Your assignment
Start to finish, print the data below exactly, without the images.

Supplied material
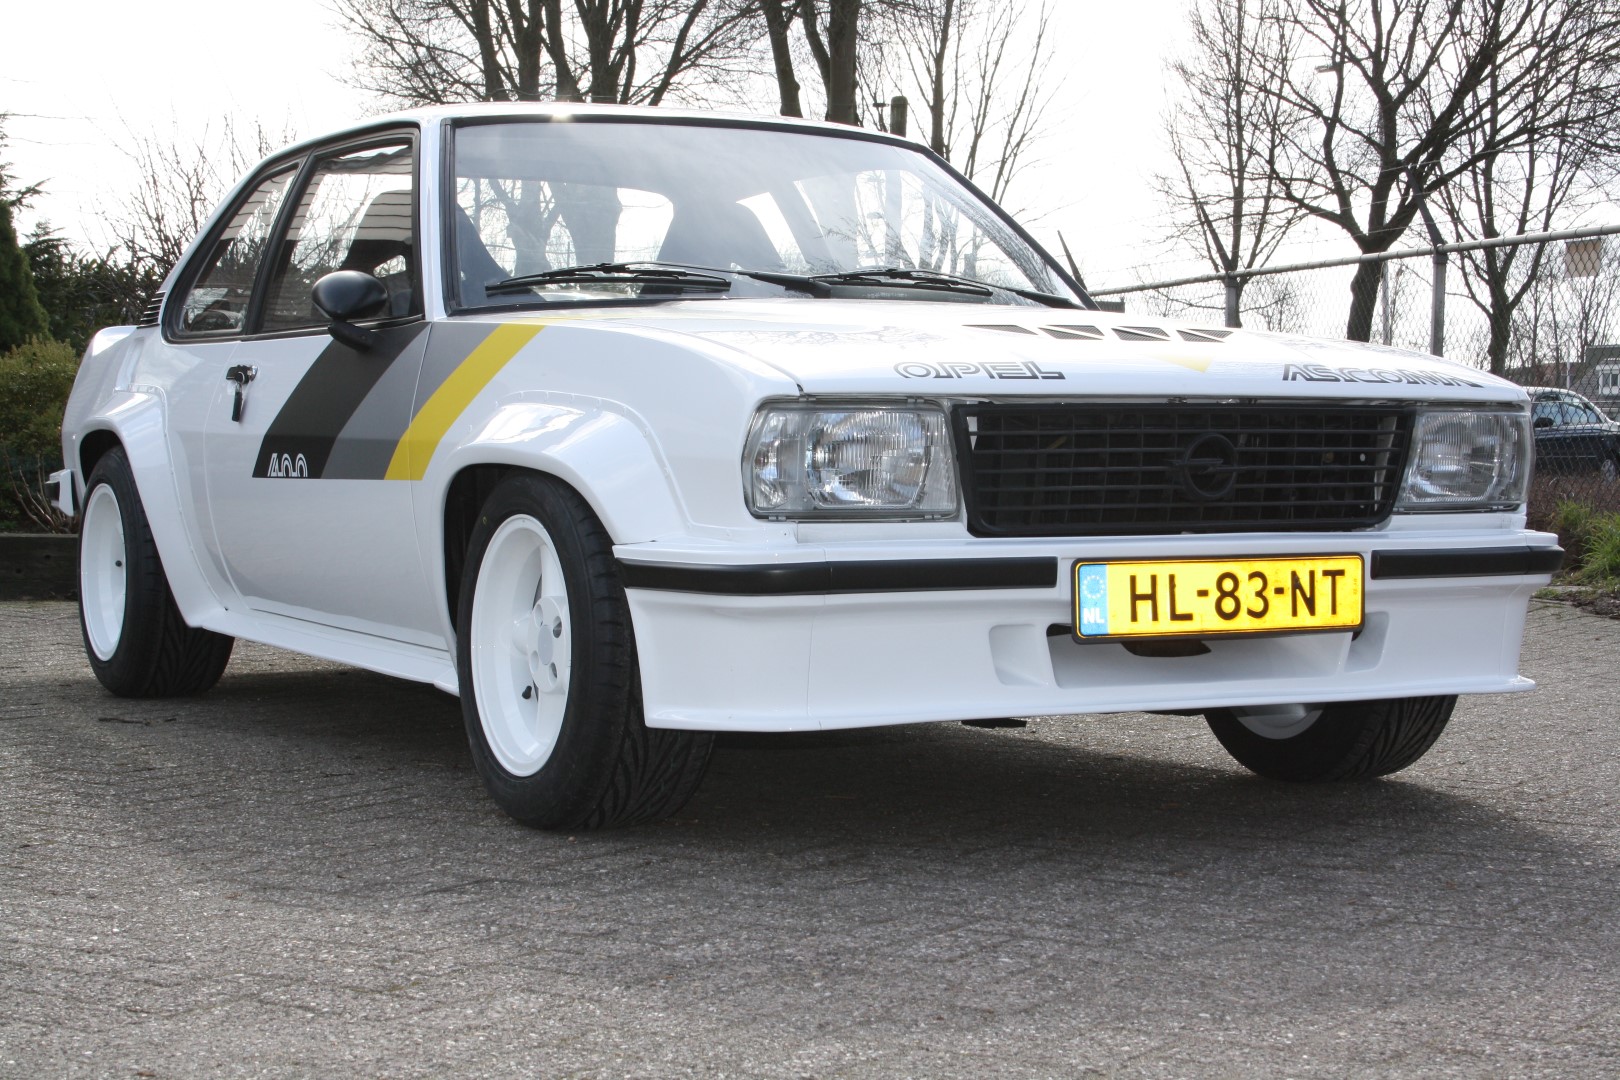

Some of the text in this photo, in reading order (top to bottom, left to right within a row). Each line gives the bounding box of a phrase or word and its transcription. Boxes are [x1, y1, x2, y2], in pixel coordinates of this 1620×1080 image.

[893, 361, 1066, 380] OPEL
[1282, 363, 1485, 388] ASCONA
[1129, 569, 1346, 623] HL-83-NT
[1083, 607, 1105, 624] NL
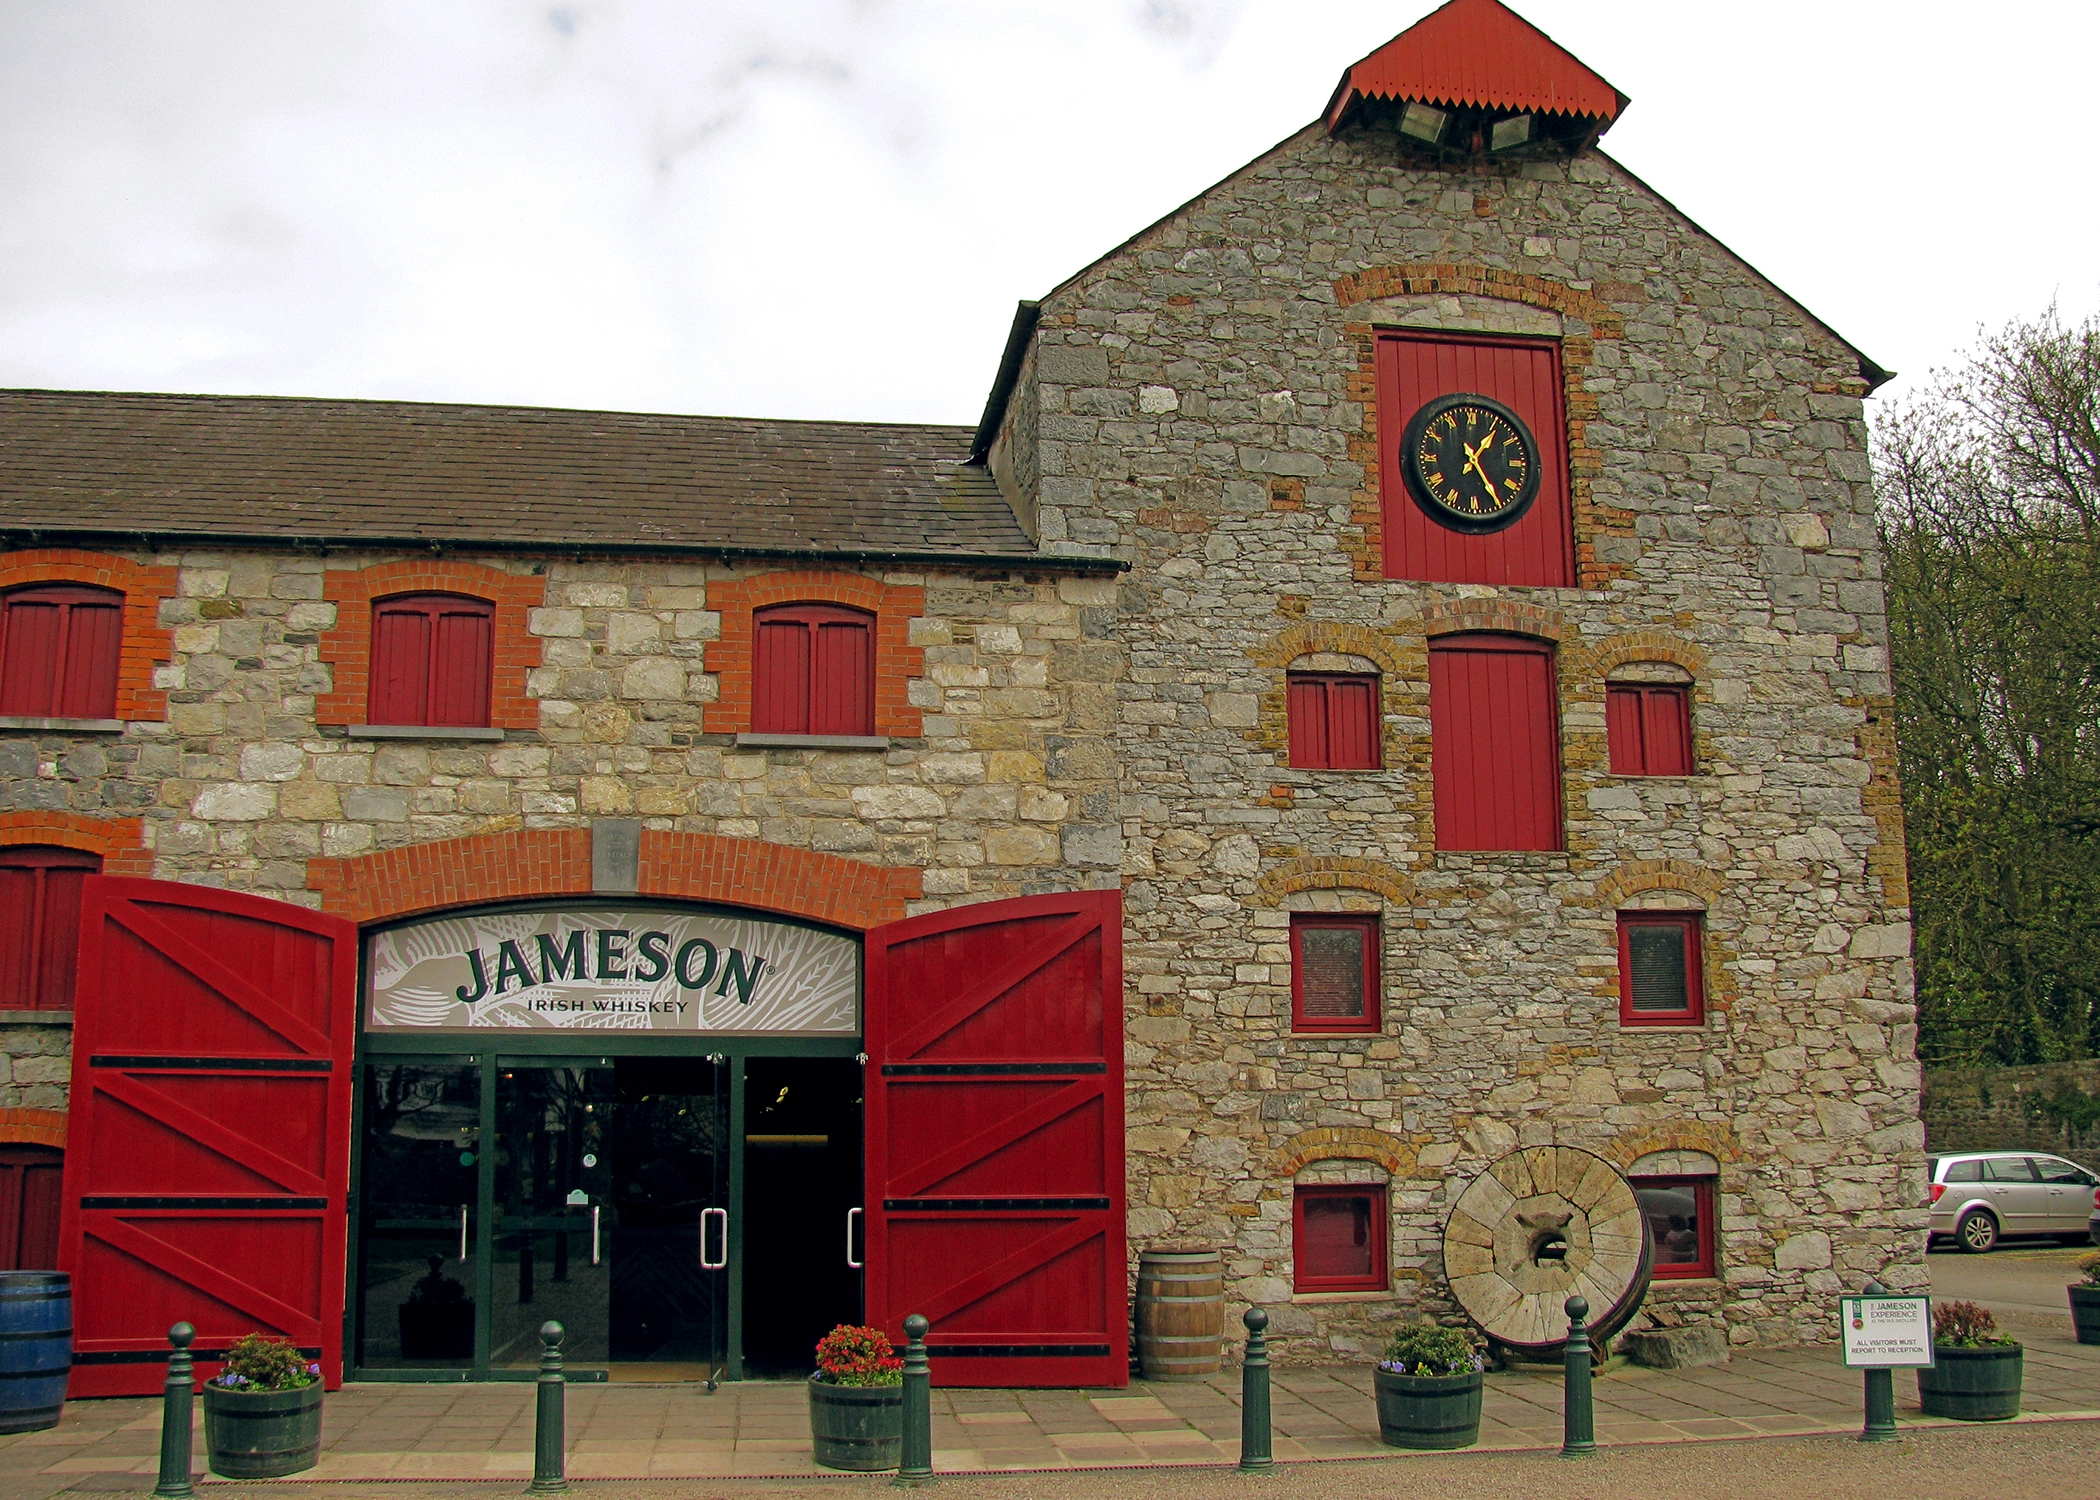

Answer below
Some of the text in this photo, in reading order (top to bottom, left to right within a row). Each line gives the bounding box of a phrase or word and its transcription. Boxes are [x1, y1, x2, y2], in pixel coordinates of this 1620×1080 image.

[893, 361, 1066, 380] OPEL
[1282, 363, 1485, 388] ASCONA
[1129, 569, 1346, 623] HL-83-NT
[1083, 607, 1105, 624] NL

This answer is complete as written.